After Meeting the Mentor

  • 1 Meeting (email):

The developer team wrote a first email to the Mentor Dr.El Mazouari, so that they could get to know both the Project and the Client.

    • The discussion with the client was around the problem statement. The team decided to make for the Mentor,Dr. El Mazouari, a list of questions containing all the doubts they had. The first clarification was around the nature of the data that has to be handled, and, the application end-user, that, as a bioinformatician, is interested in Sequence Annotation, no matter what sequence he is working on. The main focus concerning this data has to go in its Visualization and Presentation. Data must be user-friendly and easy to understand.
    • Second point of the discussion was around the reason beneath the decision to create a new sequence parser' when there is already Genbank. The problems here is that Genbank is public and most of the industries will not use it, thus companies will not upload their sequence to public DB by default. Huge amount of industry sequences are in-house sequences that must be processed in-house.
    • Third point was on the necessity to have a Web-Application. Since there are many Desktop Applications that already read annotated sequences (mostly in GenBank format), the team has to develop a Web-Application.
    • Fourth Dr.El Mazouari clarified some doubts around the Bio-Libraries. He introduced two of them: BioJava and BioPerl. The problem with these is that, as easily understandable from their name, they are not written in Javascript, therefore the team will have to choose from Bridging the Java/Perl code and the Javascript-Application or Writing their own parser .
    • Fifth point in the discussion was 'The Mockups presented': The Mentor told the team that the only Input type they have to accept is the sequence, thus they don't need to implement the Search for id feature.
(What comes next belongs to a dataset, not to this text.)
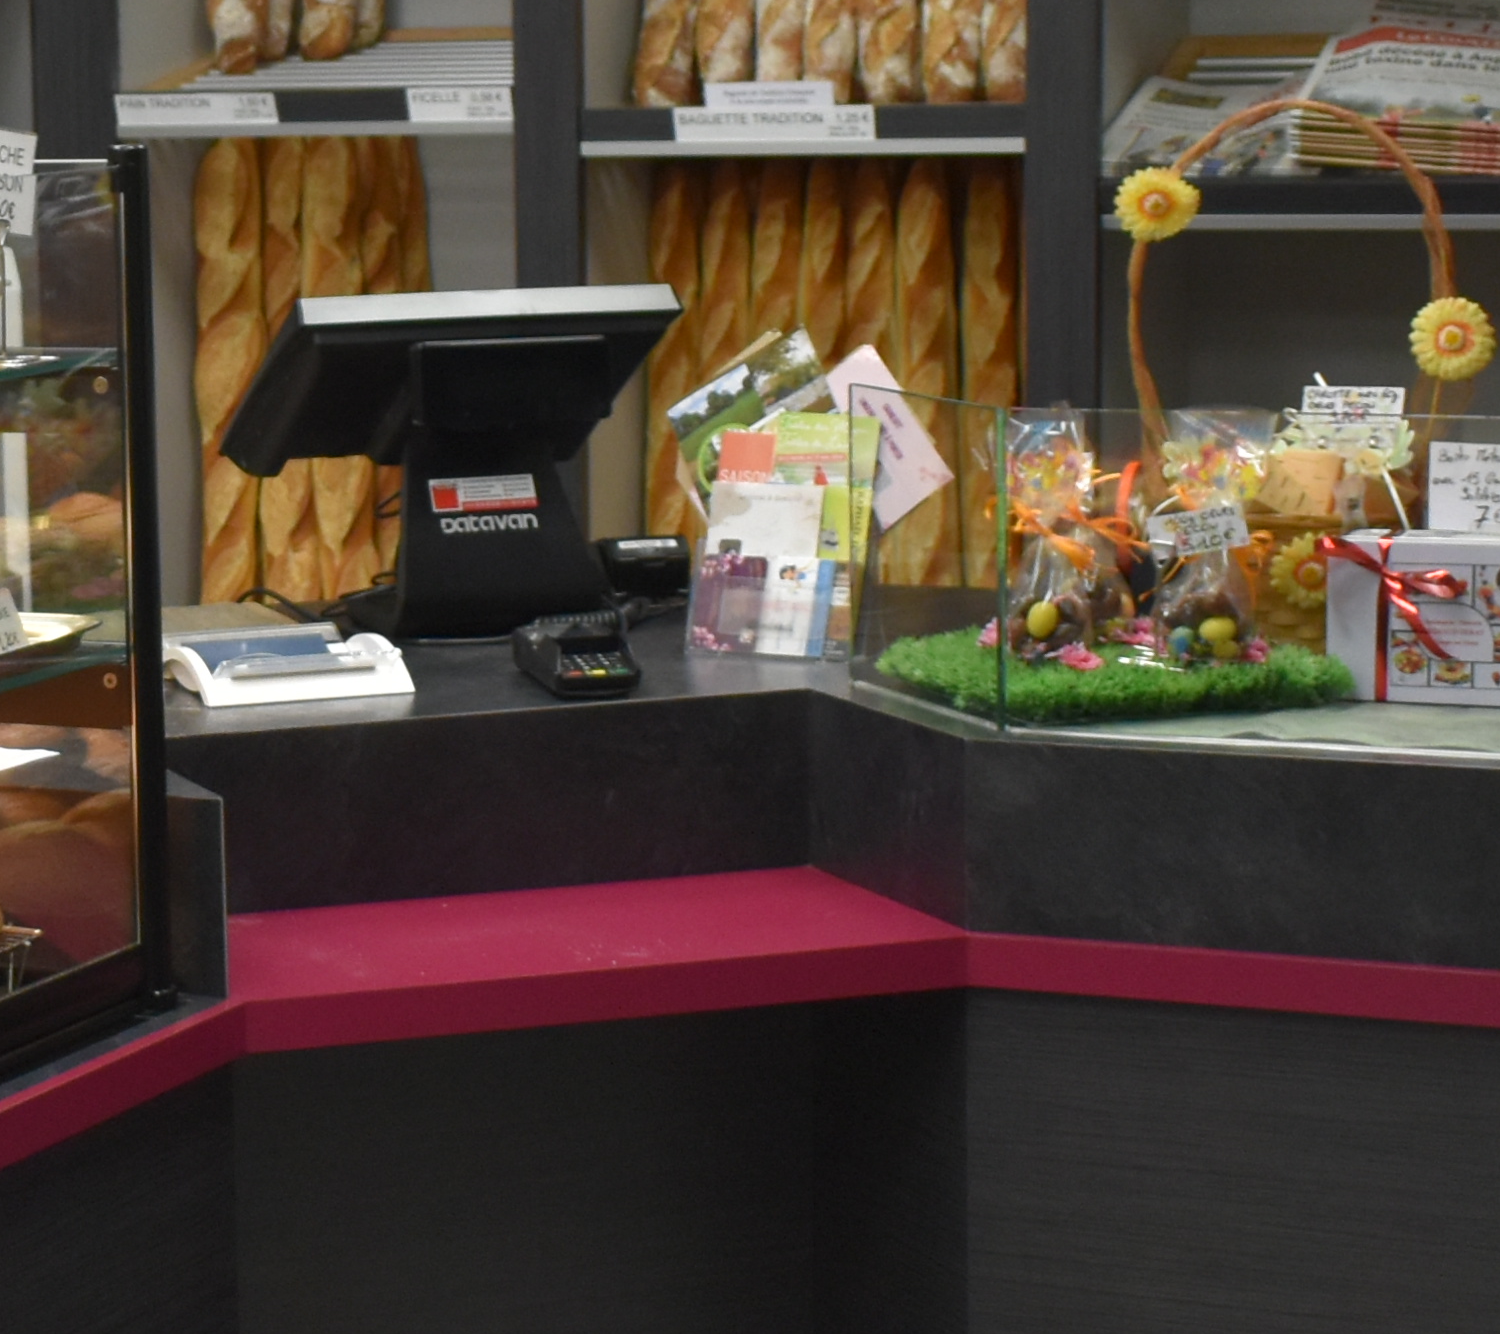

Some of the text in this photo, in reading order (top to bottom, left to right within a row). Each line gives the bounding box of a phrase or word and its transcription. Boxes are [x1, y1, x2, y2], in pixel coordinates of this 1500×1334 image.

[149, 96, 211, 108] TRADITION
[411, 91, 459, 103] FICELLE
[680, 111, 747, 125] BAGUETTE
[754, 111, 823, 124] TRADITION
Since the final users will be Bioinformaticians and the main focus is to make a user-friendly application for them, Dr. El Mazouari asked to remove the Customization Feature, so not to confuse them.
    • Finally the team was asked to implement an additional feature in order to make selected features extracted from an annotated sequences Exportable.
  • 2 Meeting (Facetime video-chat):

After the first contact with the Mentor, the team started brainstorming around the problem statement, and the result of this was the refinement of the functional requirements that Dr. El Mazouari requested. We then asked to have another exchange with the Mentor. Since one of the topics of the discussion was concerning biological arguments and the team did not enough expertise in this field, Tutor Tatyana Goldberg offered to join the Facetime talk.
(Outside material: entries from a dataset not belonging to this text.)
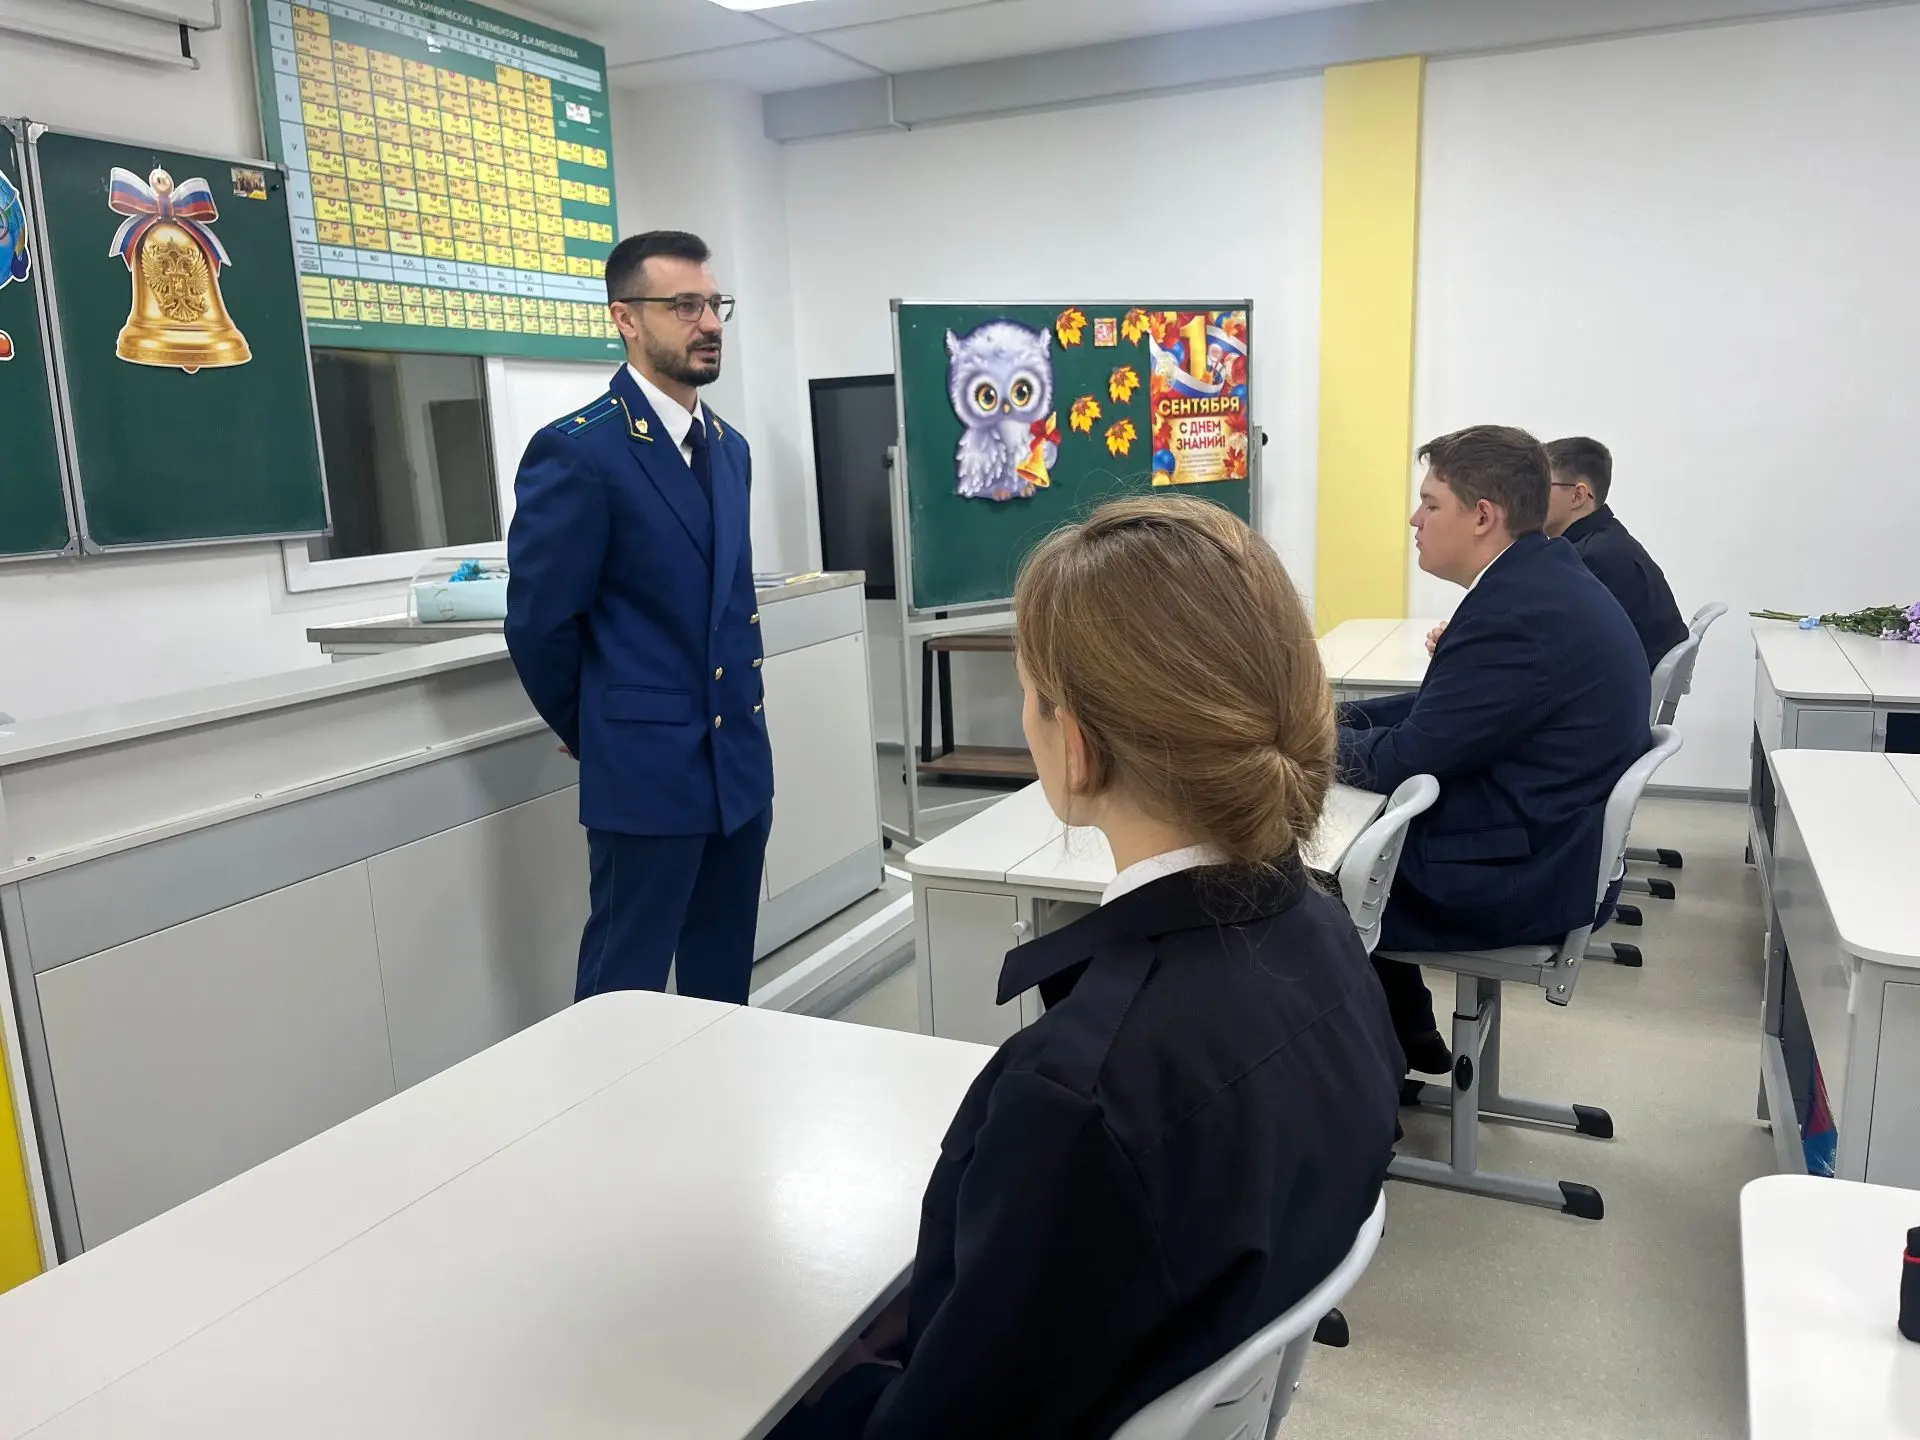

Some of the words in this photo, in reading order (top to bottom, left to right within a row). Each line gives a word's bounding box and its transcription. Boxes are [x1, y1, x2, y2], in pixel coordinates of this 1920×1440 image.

[420, 2, 474, 26] ХИМИЧЕСКИХ
[476, 19, 520, 41] ЭЛЕМЕНТОВ
[1180, 315, 1206, 379] 1
[1158, 396, 1240, 416] СЕНТЯБРЯ
[1179, 422, 1188, 434] С
[1190, 420, 1222, 436] ДНЕМ
[1176, 434, 1226, 450] ЗНАНИЙ!
Before the discussion we had three main questions, The following section explains our questions and also the information given to us by our mentor

    • First The first question that we had was regarding the input, more specifically if the input was a sequence or genbank file. After our conversation with the mentor it was clear that, the system should be built in such way that it should only accept a string. This string could however come from a database, file, text was not important.
    • Second The second question was about the parser, if there was any library which already accomplished this feature. But we found that the only available alternate was written in Java ( part of the biojava project) or in Perl ( part of the bioperl project) and there was nothing written in javascript which could be reused and it should be built from the scratch. However the idea or the strategy from the Bioprojects could be reused.
    • Third The last question was regarding the export feature, it was not very clear how the features were supposed to be exported (format). The mentor instructed us that the features should be exportable as plain text and further more multiple features should be exportable at once, the application should also provide an interface to select which features would be able to exportable.

As one of the advanced features, the mentor asked us that it would be interesting if multiple sequences could be parsed at once.

One more requirement that was asked by the mentor was to make the code as easily reusable as possible. As he develops in Java, the project that we develop should be easily importable in a Java EE project and be part of a web application.